### AIM OF THE TASK
Write out the listing below in full and exactly, leaving out every picture.
- Opening Delimiter -
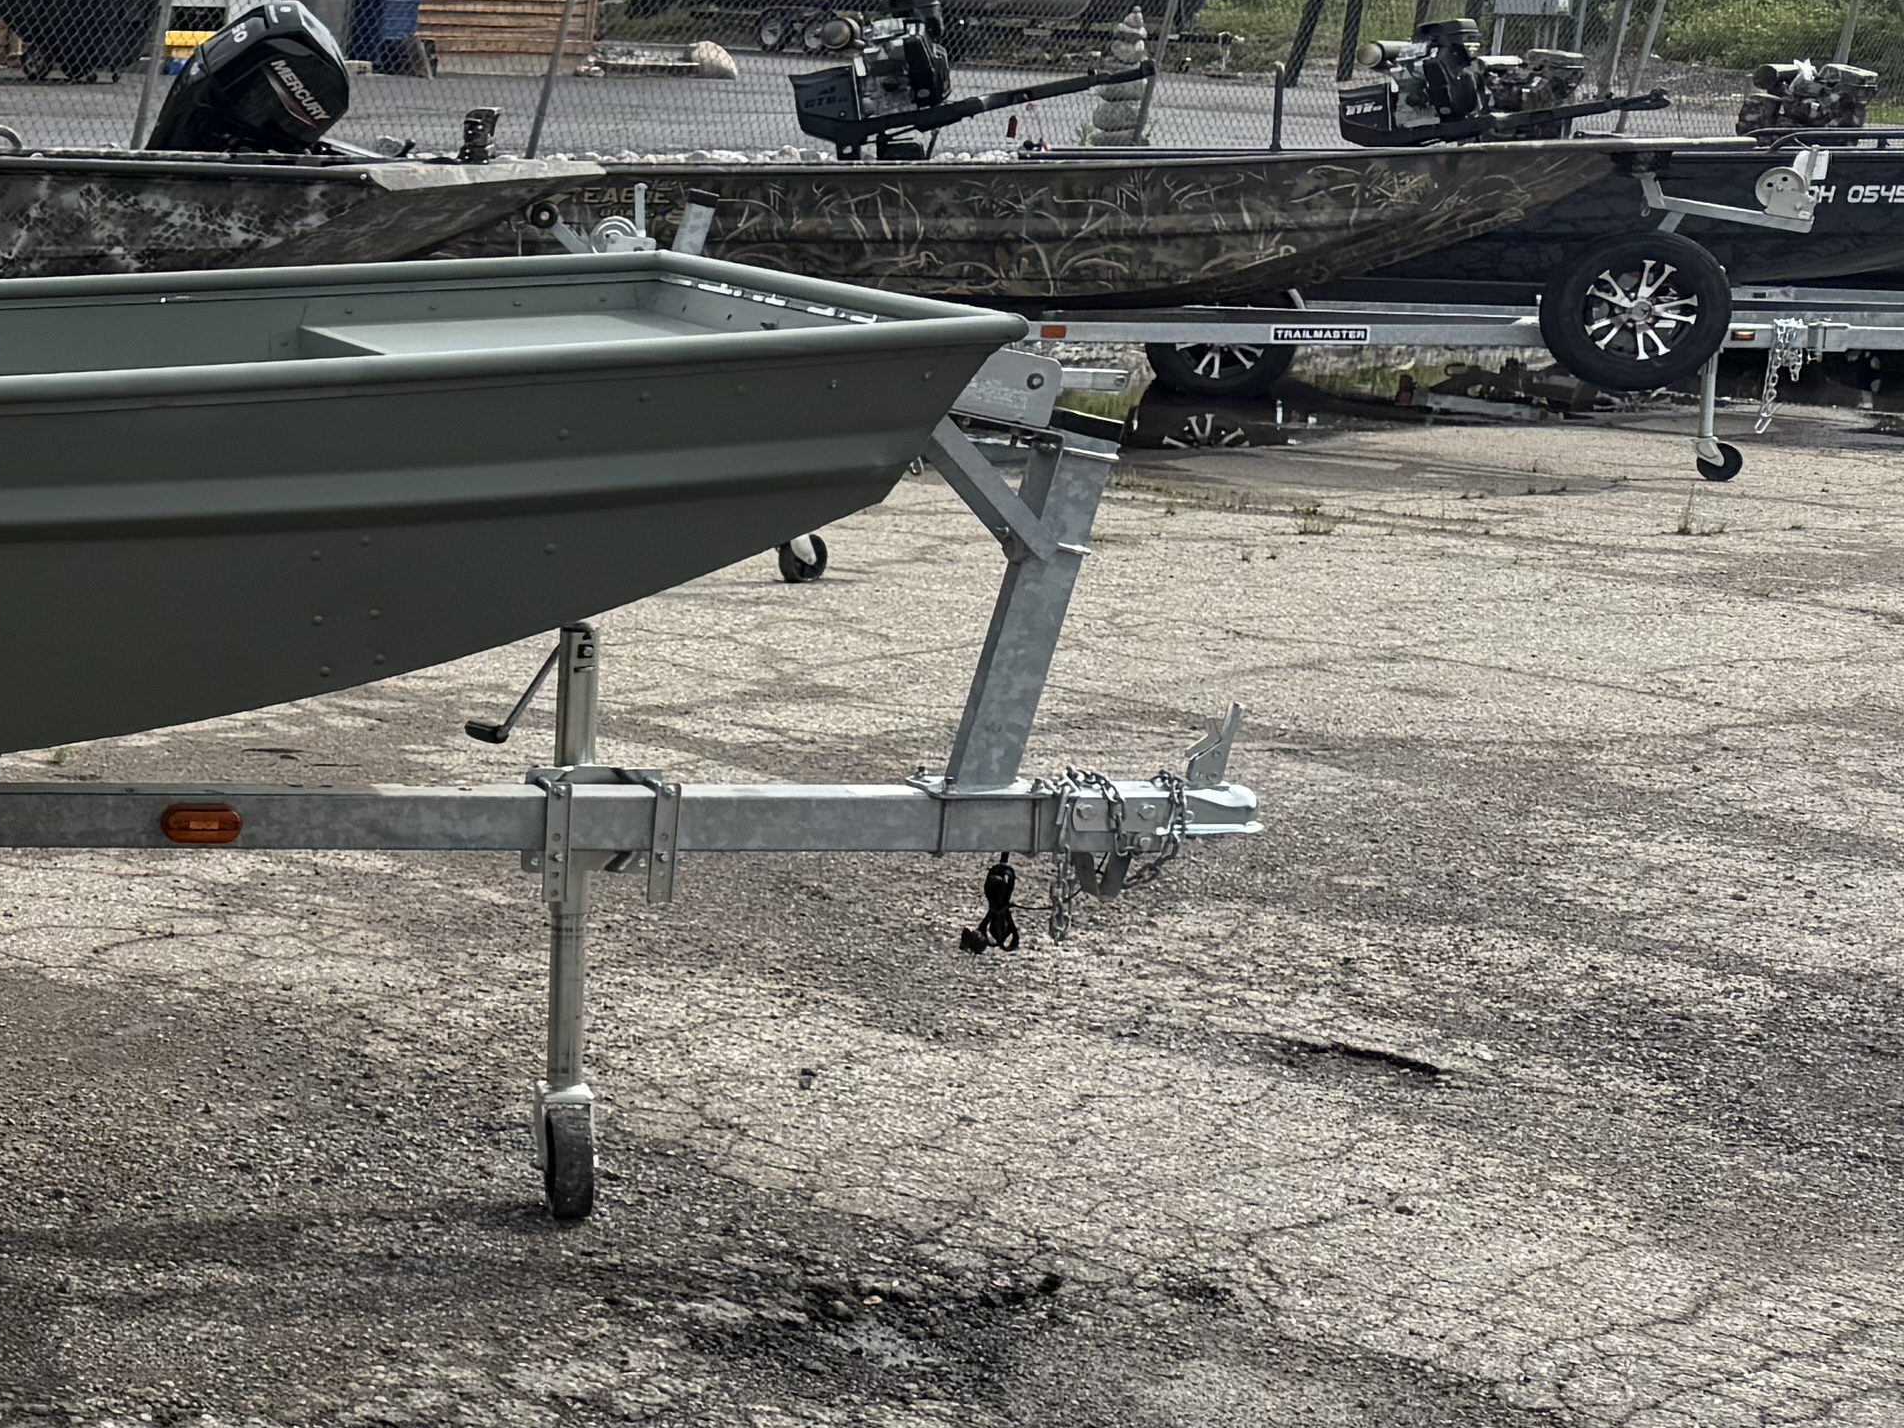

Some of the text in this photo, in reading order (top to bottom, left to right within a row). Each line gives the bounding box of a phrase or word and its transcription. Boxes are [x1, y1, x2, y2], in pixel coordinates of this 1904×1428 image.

[270, 59, 331, 121] MERCURY
[583, 187, 673, 204] EAGE
[1275, 329, 1366, 339] TRAILMASTER
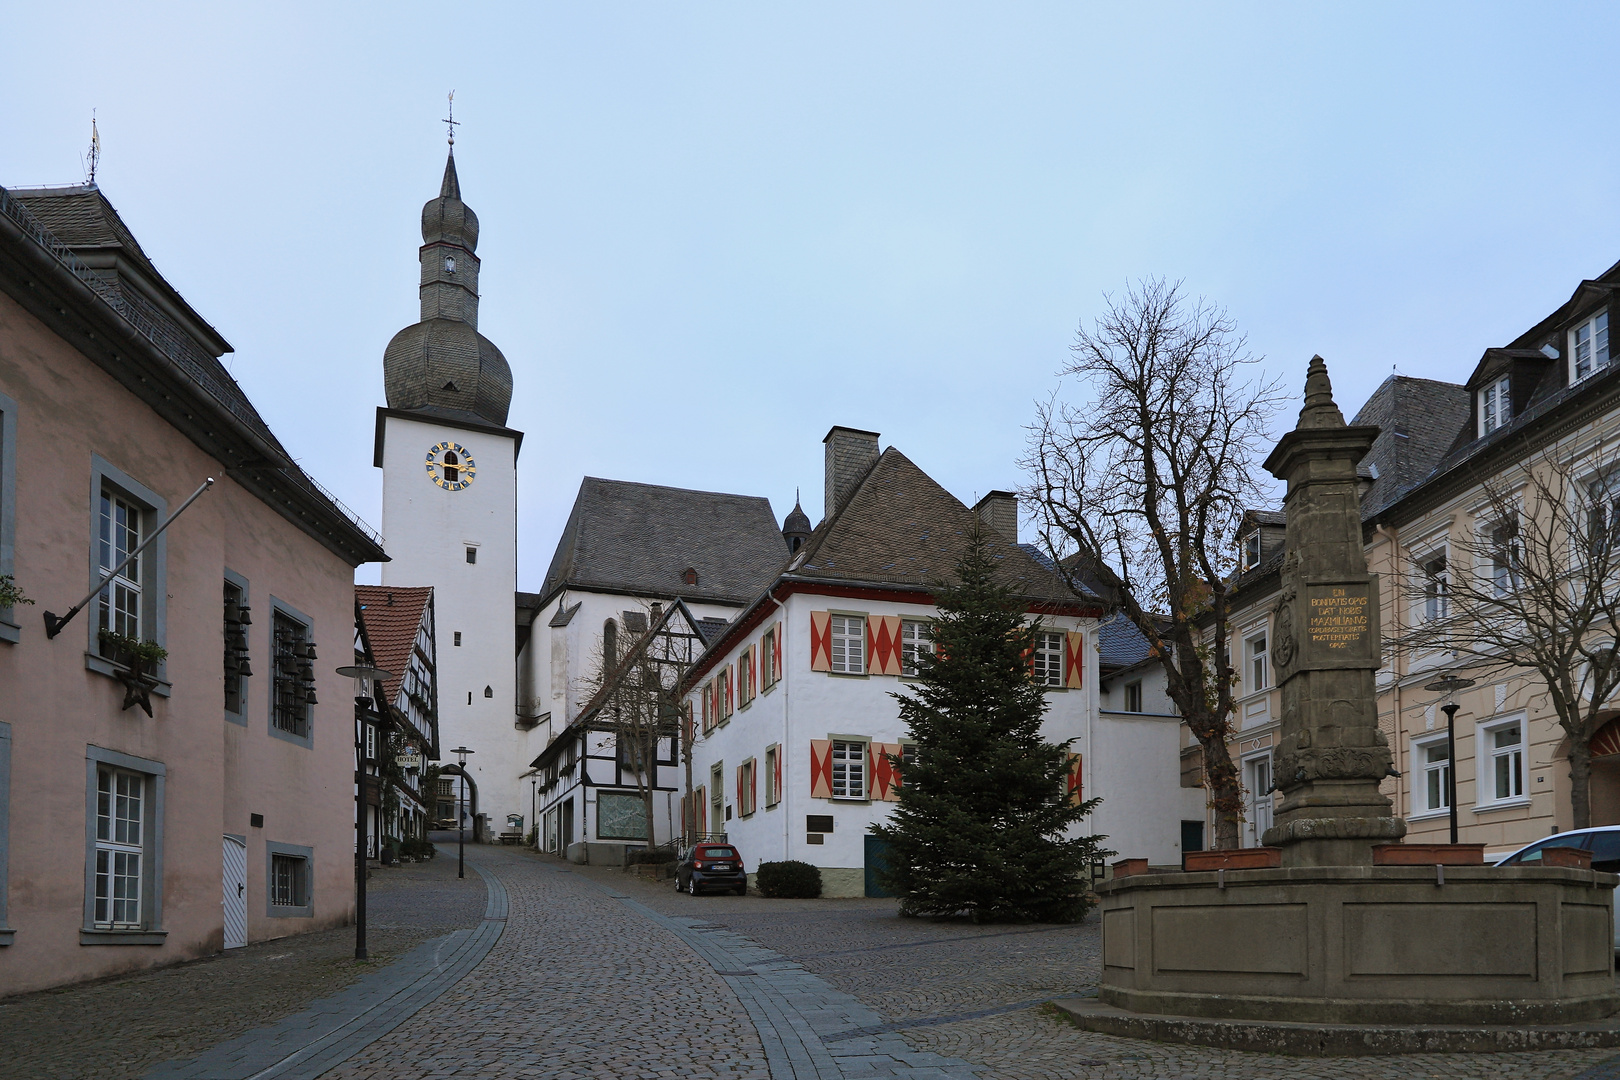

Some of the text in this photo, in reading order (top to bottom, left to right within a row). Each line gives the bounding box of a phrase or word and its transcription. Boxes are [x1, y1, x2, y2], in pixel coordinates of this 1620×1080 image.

[1333, 589, 1345, 597] EN
[1348, 597, 1367, 605] OPVS
[1318, 607, 1336, 615] DAT
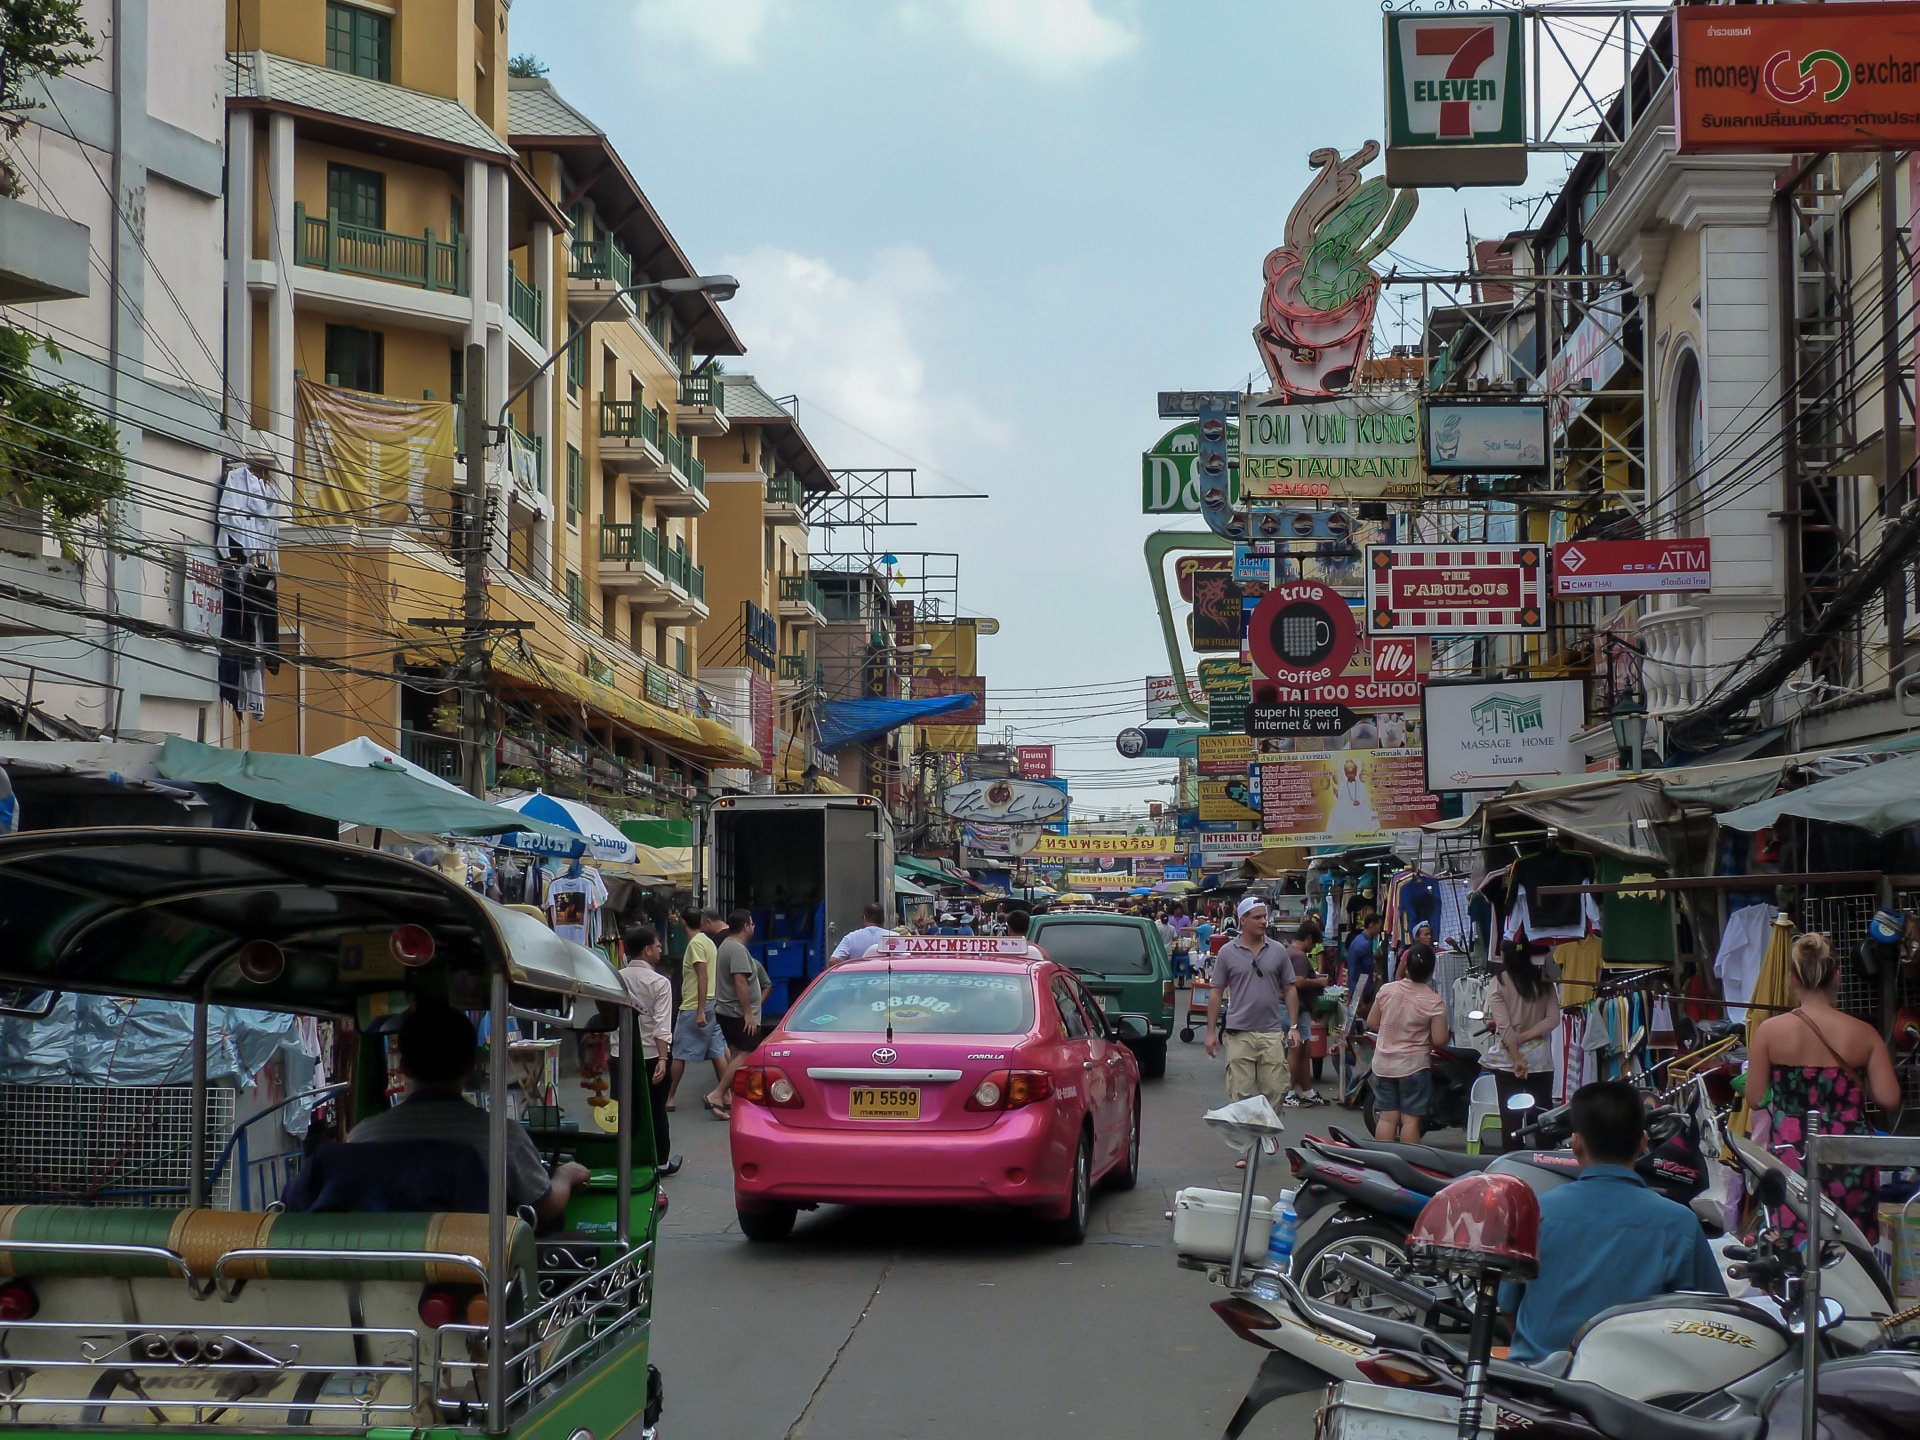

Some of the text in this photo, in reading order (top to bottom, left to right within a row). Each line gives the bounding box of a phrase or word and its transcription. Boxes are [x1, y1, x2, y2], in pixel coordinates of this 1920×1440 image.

[1416, 26, 1495, 136] 7
[1695, 65, 1759, 94] money
[1245, 413, 1416, 444] TOM YUM KUNG
[1483, 439, 1521, 451] Sea Food
[1245, 457, 1415, 478] RESTAURANT
[1268, 482, 1330, 497] SEA FOOD
[1658, 551, 1705, 570] ATM
[1441, 571, 1470, 580] THE
[1403, 583, 1508, 597] FABULOUS
[1571, 581, 1592, 589] CIMB
[1280, 587, 1324, 600] true
[1376, 644, 1413, 678] illy
[1278, 667, 1331, 684] coffee
[1254, 708, 1287, 719] super
[1289, 706, 1300, 717] hi
[1304, 706, 1339, 719] speed
[1254, 719, 1341, 730] internet & wi fi
[1200, 738, 1229, 748] SUNNY
[1461, 737, 1554, 749] MASSAGE HOME
[1371, 749, 1401, 757] Samnak
[1492, 754, 1523, 764] บ้านนวด
[950, 789, 1060, 815] The Club
[1046, 837, 1154, 850] ทรงพระเจริญ
[1203, 833, 1249, 843] INTERNET
[1041, 856, 1064, 864] BAG
[904, 939, 1000, 952] TAXI-METER
[880, 1090, 917, 1106] 5599
[1701, 1320, 1733, 1331] TIGER
[1671, 1320, 1756, 1349] BOXER
[1315, 1333, 1365, 1356] 200
- Closing Delimiter -
### WRITTEN ANSWER
Some of the text in this photo, in reading order (top to bottom, left to right within a row). Each line gives the bounding box of a phrase or word and its transcription. Boxes are [x1, y1, x2, y2], in pixel coordinates of this 1904×1428 image.

[270, 59, 331, 121] MERCURY
[583, 187, 673, 204] EAGE
[1275, 329, 1366, 339] TRAILMASTER

Some of the text in this photo, in reading order (top to bottom, left to right within a row). Each line gives the bounding box of a phrase or word and its transcription. Boxes are [x1, y1, x2, y2], in pixel coordinates of this 1620×1080 image.

[1333, 589, 1345, 597] EN
[1348, 597, 1367, 605] OPVS
[1318, 607, 1336, 615] DAT

Some of the text in this photo, in reading order (top to bottom, left to right within a row). Each line gives the bounding box of a phrase or word and its transcription. Boxes are [x1, y1, x2, y2], in pixel coordinates of this 1920×1440 image.

[1416, 26, 1495, 136] 7
[1695, 65, 1759, 94] money
[1245, 413, 1416, 444] TOM YUM KUNG
[1483, 439, 1521, 451] Sea Food
[1245, 457, 1415, 478] RESTAURANT
[1268, 482, 1330, 497] SEA FOOD
[1658, 551, 1705, 570] ATM
[1441, 571, 1470, 580] THE
[1403, 583, 1508, 597] FABULOUS
[1571, 581, 1592, 589] CIMB
[1280, 587, 1324, 600] true
[1376, 644, 1413, 678] illy
[1278, 667, 1331, 684] coffee
[1254, 708, 1287, 719] super
[1289, 706, 1300, 717] hi
[1304, 706, 1339, 719] speed
[1254, 719, 1341, 730] internet & wi fi
[1200, 738, 1229, 748] SUNNY
[1461, 737, 1554, 749] MASSAGE HOME
[1371, 749, 1401, 757] Samnak
[1492, 754, 1523, 764] บ้านนวด
[950, 789, 1060, 815] The Club
[1046, 837, 1154, 850] ทรงพระเจริญ
[1203, 833, 1249, 843] INTERNET
[1041, 856, 1064, 864] BAG
[904, 939, 1000, 952] TAXI-METER
[880, 1090, 917, 1106] 5599
[1701, 1320, 1733, 1331] TIGER
[1671, 1320, 1756, 1349] BOXER
[1315, 1333, 1365, 1356] 200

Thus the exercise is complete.